Start of TASK INPUTS
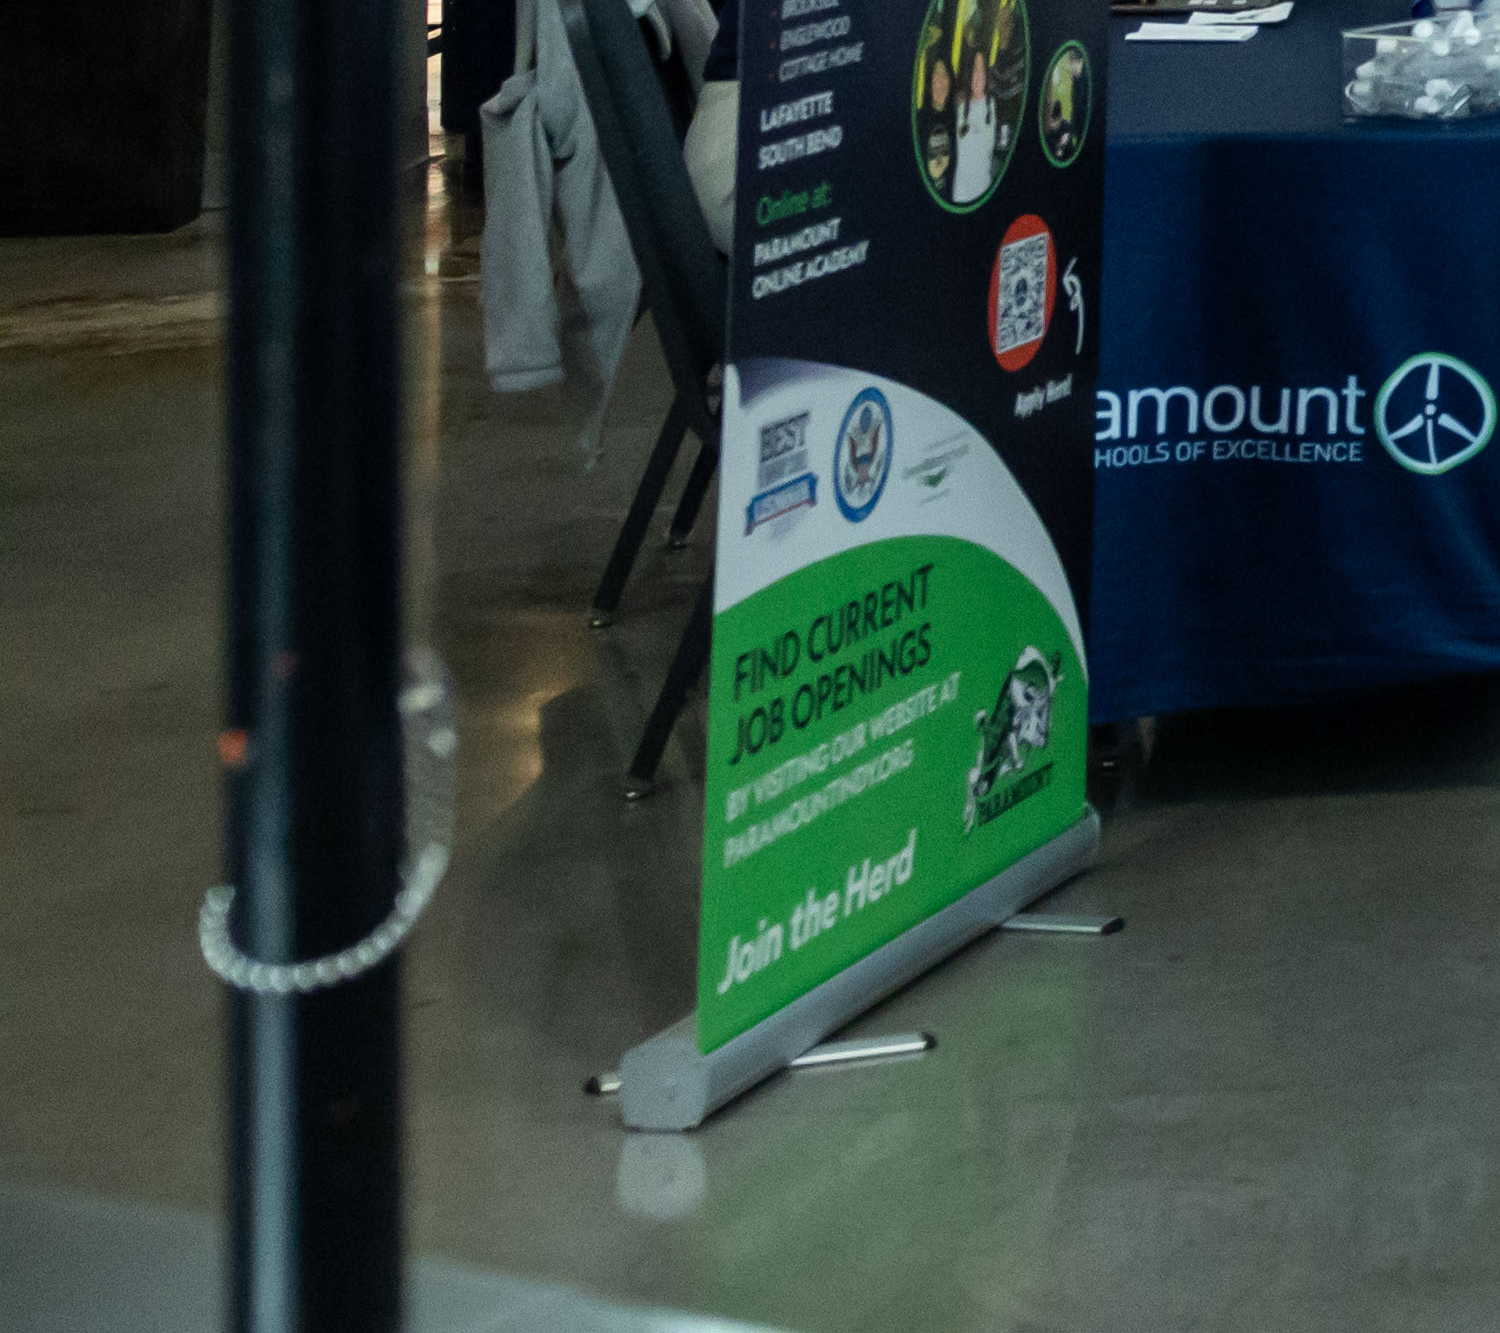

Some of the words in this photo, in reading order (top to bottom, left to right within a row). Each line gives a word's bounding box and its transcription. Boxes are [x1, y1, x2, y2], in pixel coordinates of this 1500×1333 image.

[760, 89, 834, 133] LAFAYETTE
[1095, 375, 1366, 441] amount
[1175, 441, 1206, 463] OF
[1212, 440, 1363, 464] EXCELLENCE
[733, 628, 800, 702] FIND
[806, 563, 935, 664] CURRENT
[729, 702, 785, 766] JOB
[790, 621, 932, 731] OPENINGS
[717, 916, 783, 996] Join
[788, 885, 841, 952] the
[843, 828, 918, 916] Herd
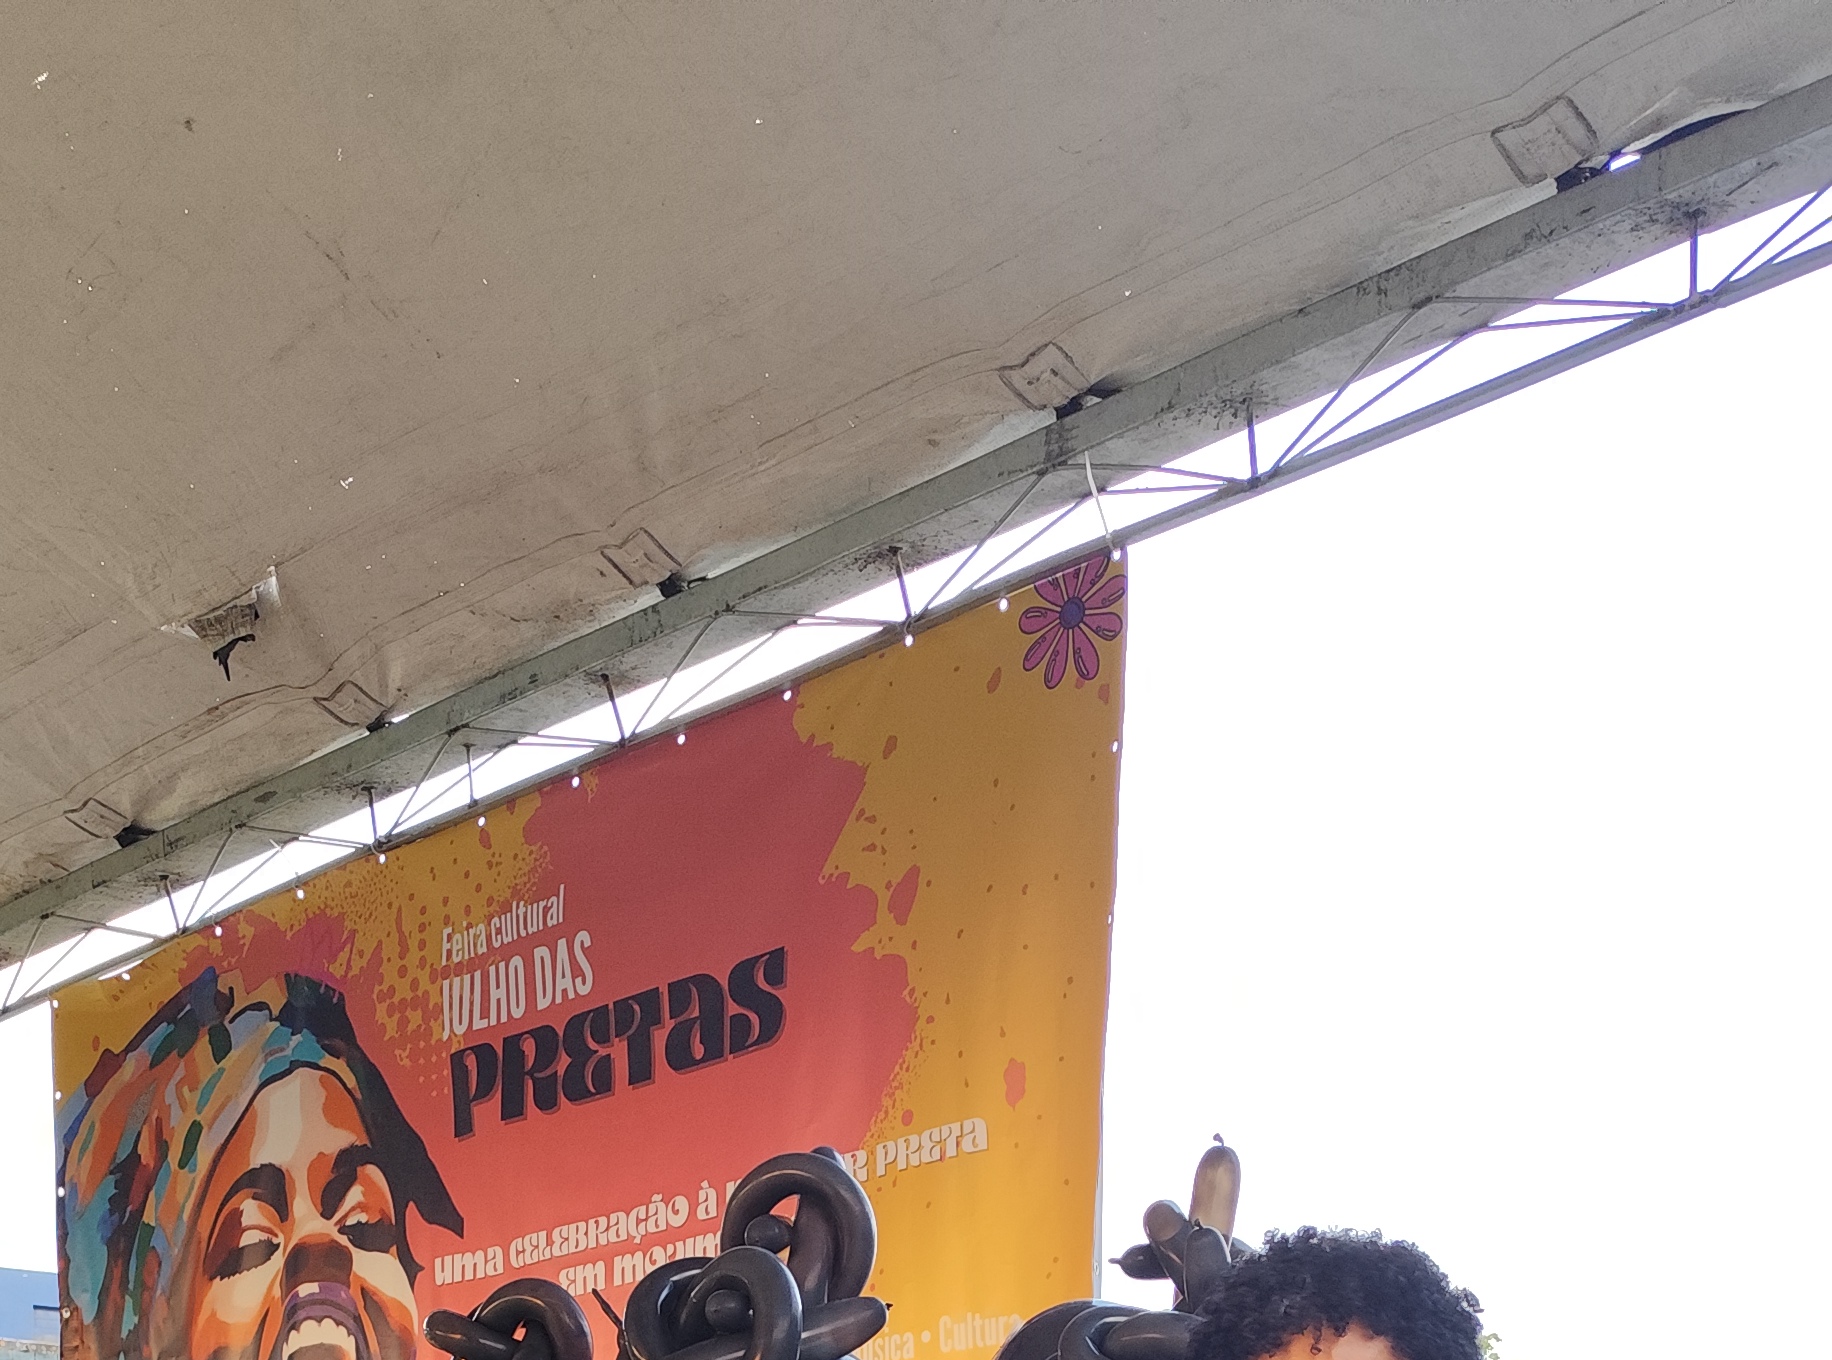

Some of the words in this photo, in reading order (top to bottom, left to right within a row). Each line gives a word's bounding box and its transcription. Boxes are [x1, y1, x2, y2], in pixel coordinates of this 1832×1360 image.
End of TASK INPUTS
### [PROBLEM TO WORK ON]
Each record should be printed again precisely, though not its pictures.

### [RESPONSE AREA]
Some of the words in this photo, in reading order (top to bottom, left to right within a row). Each line gives a word's bounding box and its transcription. Boxes are [x1, y1, x2, y2], in pixel coordinates of this 1500×1333 image.

[760, 89, 834, 133] LAFAYETTE
[1095, 375, 1366, 441] amount
[1175, 441, 1206, 463] OF
[1212, 440, 1363, 464] EXCELLENCE
[733, 628, 800, 702] FIND
[806, 563, 935, 664] CURRENT
[729, 702, 785, 766] JOB
[790, 621, 932, 731] OPENINGS
[717, 916, 783, 996] Join
[788, 885, 841, 952] the
[843, 828, 918, 916] Herd

Some of the words in this photo, in reading order (top to bottom, left to right within a row). Each line gives a word's bounding box and its transcription. Boxes are [x1, y1, x2, y2], in pixel coordinates of this 1832×1360 image.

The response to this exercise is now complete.